Section 24 of the Cybercrime Act, 2015 had criminalised ‘cyberstalking’, ”insult’, ‘causing annoyance’, ‘sending offensive messages’, and ‘criminal intimidation’ ”insult’, ‘causing annoyance’, ‘sending offensive messages’, and ‘criminal intimidation’.

Specifically, Section 24 provided as follows: “(a) Any person who, knowingly or intentionally sends a message or other matter by means of computer systems or network that (a) is grossly offensive, pornographic or of an indecent, obscene, or menacing character or causes any such message or matter to be so sent; or “(b) He knows to be false for the purpose of causing annoyance, inconvenience danger, obstruction, insult, injury, criminal intimidation, enmity, hatred, ill will or needless anxiety to another or causes such a message to be sent: commits an offence under this Act and shall be liable on conviction to a fine of not more than N7,000, 000.00 or imprisonment for a term of not more than 3 years or to both such fine and imprisonment”.

Court’s verdict on Cybercrime Act

Meanwhile, in 2022, the ECOWAS Court of Justice ordered the Nigerian government to amend the controversial Section 24 of its cybercrime law which is widely viewed as authorities’ weapon for muzzling citizens’ rights to freedom of expression. The court gave the verdict on March 25, 2022 in Accra, Ghana.

In the decision, the court ruled that the contested Section 24 of Nigeria’s Cybercrime (Prohibition, Prevention, etc) Act, 2015 “is not in conformity with Articles 9 of the African Charter on Human and Peoples’ Rights (ACHPR) and the International Covenant on Civil and Political Rights (ICCPR)”.

Keikura Bangura, the presiding judge, who read the court’s decision, asked Nigerian government to amend the legal provision “in order to ensure conformity with the country’s obligations” under the ACHPR and ICCPR. The decision was delivered in a suit filed by the Socio-Economic Rights and Accountability Project (SERAP), one of the frontline civil society organisations in Nigeria.

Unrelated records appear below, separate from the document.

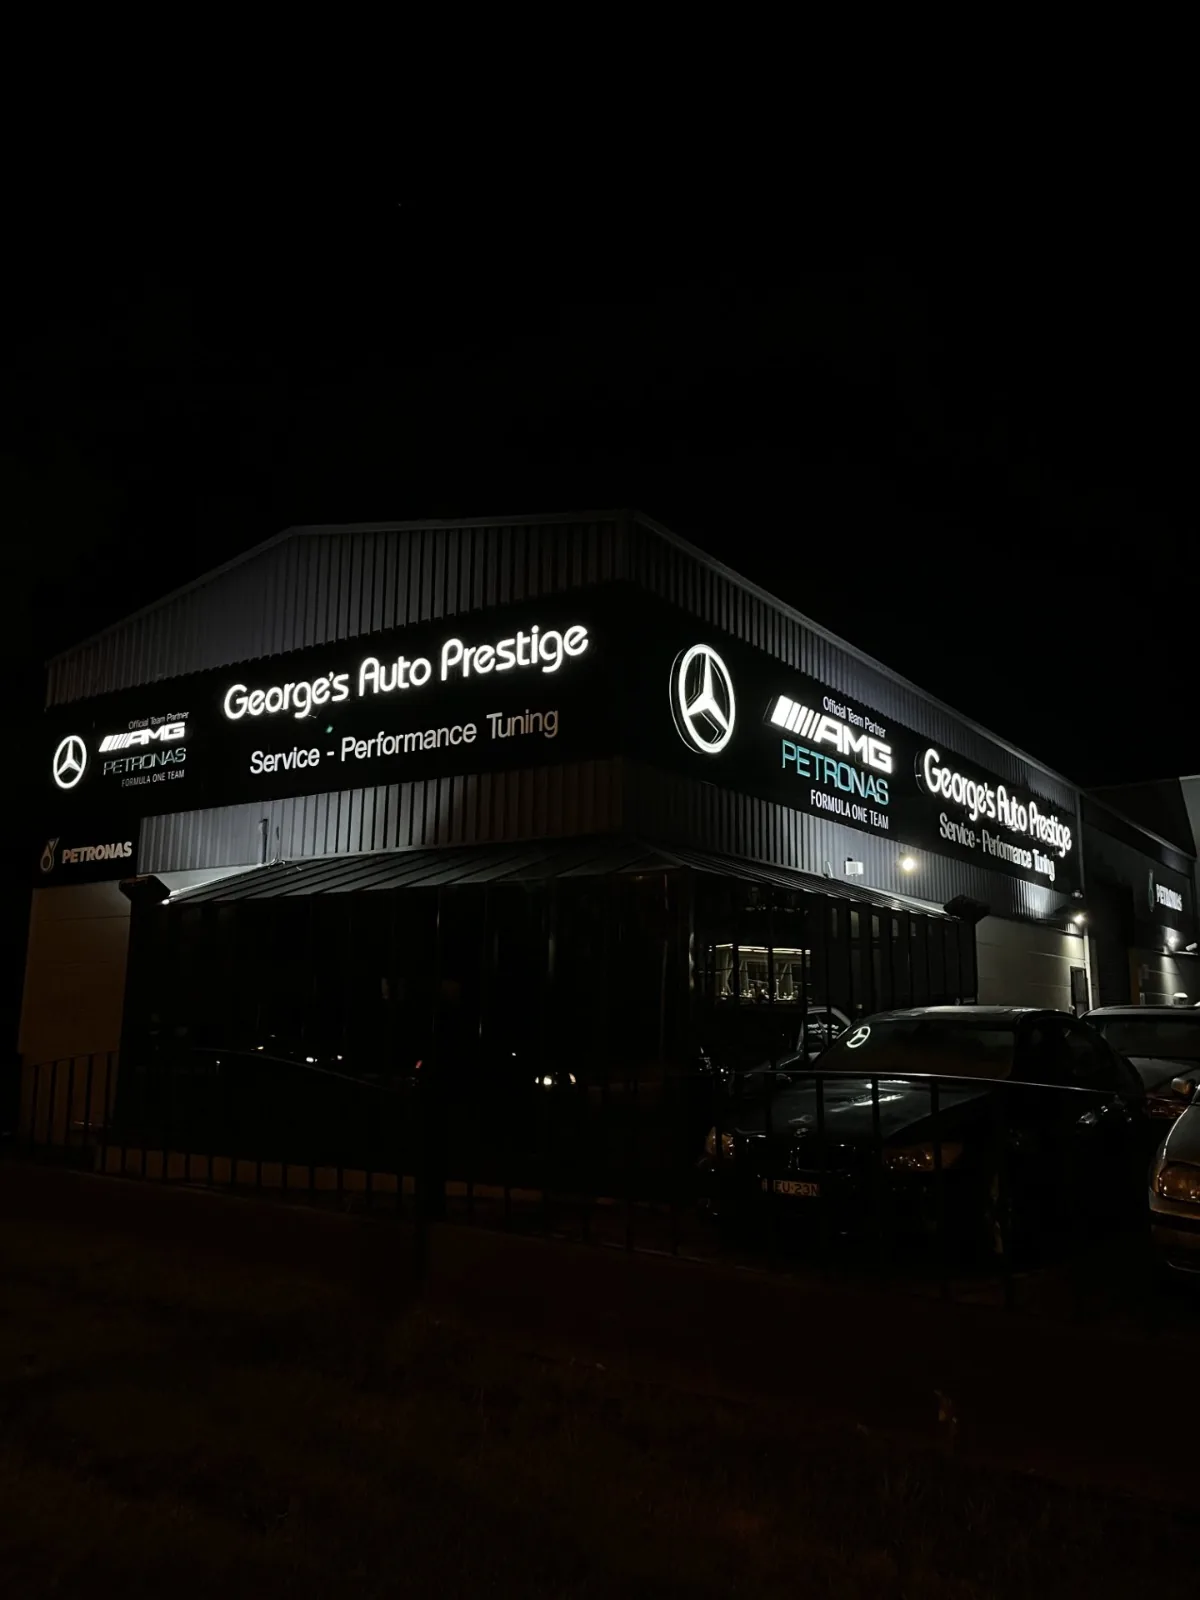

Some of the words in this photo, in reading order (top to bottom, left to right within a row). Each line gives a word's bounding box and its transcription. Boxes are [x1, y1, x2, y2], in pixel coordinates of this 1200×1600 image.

[223, 671, 349, 720] George's
[358, 655, 432, 697] Auto
[440, 624, 589, 681] Prestige
[128, 719, 149, 730] Official
[150, 715, 166, 725] Team
[166, 711, 189, 723] Partner
[822, 696, 847, 719] Official
[846, 707, 864, 728] Team
[864, 716, 887, 738] Partner
[103, 748, 187, 775] PETRONAS
[250, 747, 320, 775] Service
[341, 721, 477, 762] Performance
[486, 708, 560, 740] Tuning
[121, 775, 151, 788] FORMULA
[152, 773, 166, 783] ONE
[168, 769, 185, 780] TEAM
[782, 739, 889, 806] PETRONAS
[810, 789, 851, 818] FORMULA
[851, 804, 868, 824] ONE
[869, 811, 889, 830] TEAM
[923, 748, 996, 822] George's
[996, 785, 1028, 832] Auto
[1028, 800, 1072, 858] Prestige
[61, 841, 133, 864] PETRONAS
[939, 812, 976, 848] Service
[982, 829, 1032, 869] Performance
[1032, 848, 1056, 882] Tuning
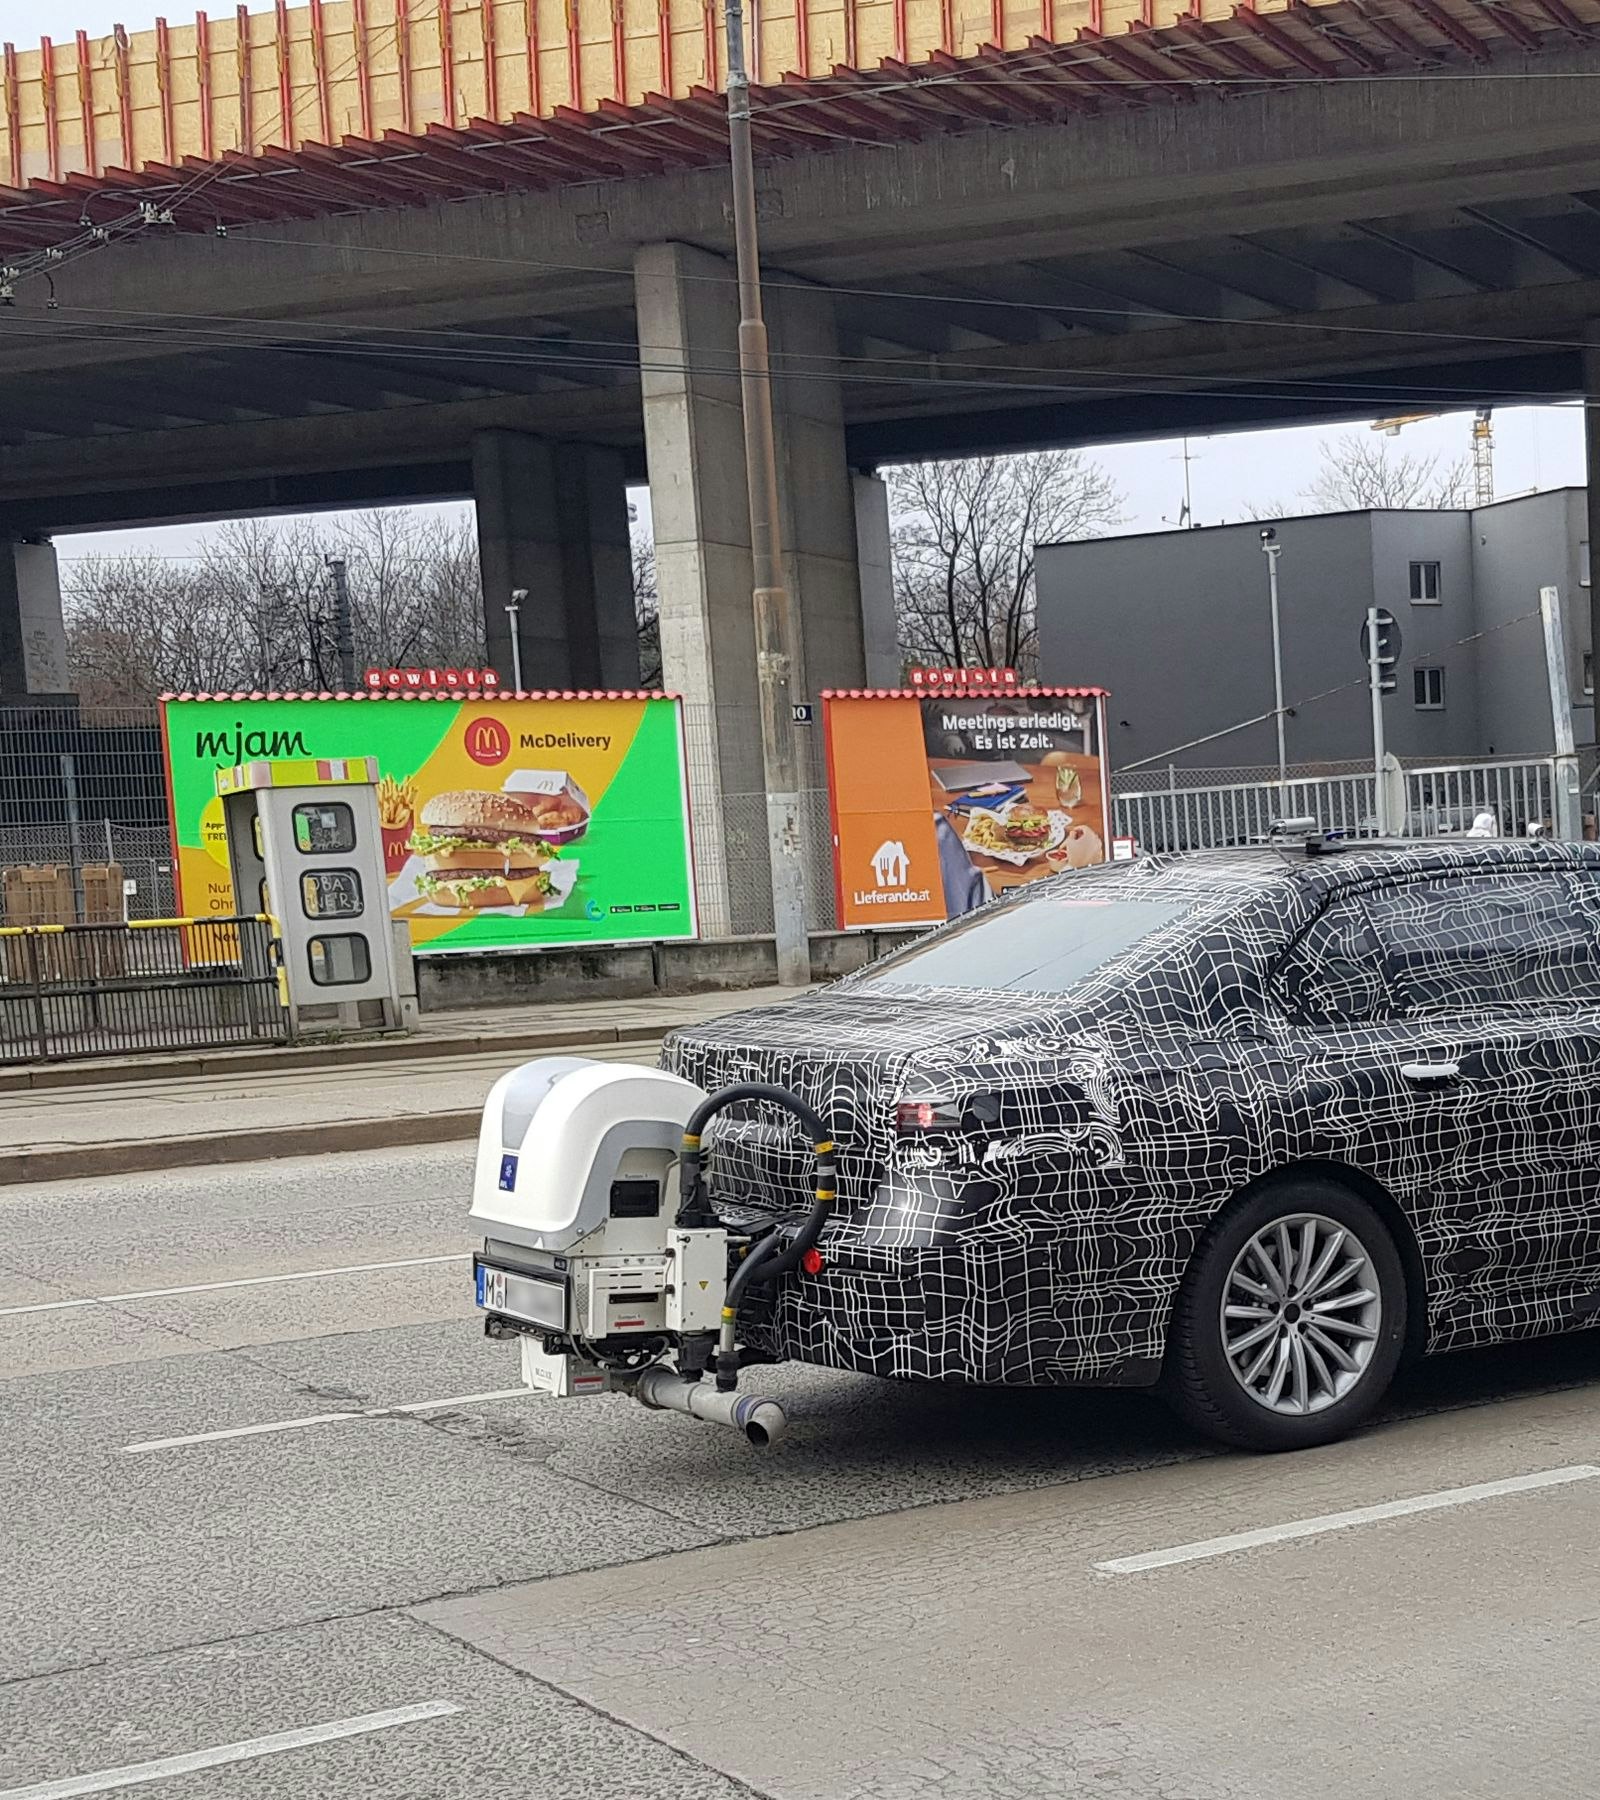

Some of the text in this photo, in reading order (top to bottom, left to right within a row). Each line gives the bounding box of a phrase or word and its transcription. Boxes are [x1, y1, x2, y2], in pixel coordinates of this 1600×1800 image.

[366, 670, 498, 688] gewista
[912, 669, 1016, 684] gewista
[942, 713, 1083, 733] Meetings erledigt.
[195, 721, 312, 769] mjam
[519, 733, 612, 751] McDelivery
[975, 733, 1054, 750] Es ist Zeit.
[208, 883, 231, 894] Nur
[854, 887, 931, 905] Lieferando.at
[485, 1272, 495, 1305] M

SERAP, had in its suit, challenged the legality and compatibility of Section 24 of the Cybercrime Act 2015 in relation to the guaranteeing of freedom of expression and information enshrined in Article 9 of the ACHPR and Article 19 of the ICCPR, respectively.

They said Section 24 of the cybercrime law criminalises sending a message via a computer system which was “grossly offensive, pornographic or of an indecent, obscene or menacing character” or to send a message or cause any such message or matter to be so sent; or to send a message, knowing it to be false for the purpose of “causing annoyance, inconvenience, danger, obstruction, insult, injury, criminal intimidation, enmity, hatred, ill will or needless anxiety to another” or to cause such a message to be sent.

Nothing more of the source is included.